Anthropic launches an AI that can take control of your computer and do tasks for you

The wave of generative artificial intelligence has caused the emergence of multiple start-ups that offer products and services related to it. Anthropicfounded in 2021 by former employees of OpenAI dissatisfied with the direction of the company, is one of them. He is the developer of a chatbot, in the style of ChatGPT either Geminicalled Claudeand has just announced an important novelty in the capabilities of this technology: that of take control of the computer mouse and carry out the tasks indicated by the user on its own.

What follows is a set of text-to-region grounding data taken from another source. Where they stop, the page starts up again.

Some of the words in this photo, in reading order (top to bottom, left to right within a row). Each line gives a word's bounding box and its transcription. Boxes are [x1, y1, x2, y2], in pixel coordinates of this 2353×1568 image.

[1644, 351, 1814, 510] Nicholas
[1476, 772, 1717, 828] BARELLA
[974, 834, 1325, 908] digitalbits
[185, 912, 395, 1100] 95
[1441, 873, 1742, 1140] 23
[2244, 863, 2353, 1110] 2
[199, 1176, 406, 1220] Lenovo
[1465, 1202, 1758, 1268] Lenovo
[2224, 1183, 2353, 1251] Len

Computer Use or Computer Use is a capability that arrives in the form of a public beta for language models Claude 3.5 Sonnetis updated and now available, and Claude 3.5 Haukunew to the company’s catalog and will arrive before the end of the month. ‘Available today in the APIdevelopers can tell Claude to use computers like people do: looking at a screen, moving a cursor, clicking buttons and typing text‘, Anthropic explains on its website.

In the company’s demo, one of its researchers can be seen using this capability so that Claude is in charge of searching for the information, on the computer and on the website, necessary to fill out a form, complete all the fields and send it. In a side column, Claude explains the steps he takes and the interactions he makes with the computer. In other examples that have transcended, Claude fill out job applications, program a website or order food at home.

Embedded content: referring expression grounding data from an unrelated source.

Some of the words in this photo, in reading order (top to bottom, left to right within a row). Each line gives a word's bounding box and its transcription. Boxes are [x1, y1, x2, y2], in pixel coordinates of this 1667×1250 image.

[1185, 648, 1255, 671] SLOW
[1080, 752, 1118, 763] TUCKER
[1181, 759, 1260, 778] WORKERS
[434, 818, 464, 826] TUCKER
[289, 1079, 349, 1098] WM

‘When a developer entrusts Claude with the use of computer software and gives him the necessary access, Claude looks at screenshots of what is visible to the user, then counts how many pixels vertically or horizontally he needs to move the cursor to click in the right place. Training Claude to accurately count pixels was essential. Without this ability, the model finds it difficult to give commands to the mouse,’ notes Anthropic.

The instructions to the AI ​​are indicated in written form, indicating the steps to follow to complete the task and can contain up to dozens or hundreds of them.

Computer Use has a number of limitations. From Anthropic, they describe this capacity as experimental and ‘sometimes cumbersome and error-prone’. By taking screenshots, you can miss notifications short-term or other changes. An action as common as drag and drop you still can’t do it.

An example of Claude being wrong when using Computer Use is given by the company when explaining that A.I. abandoned a coding task before finishing it and began ‘examining photos of Yellowstone National Park’.

Despite these errors and how green the technology may be, it has the potential to automate many tasks in an office or in use cases for individuals.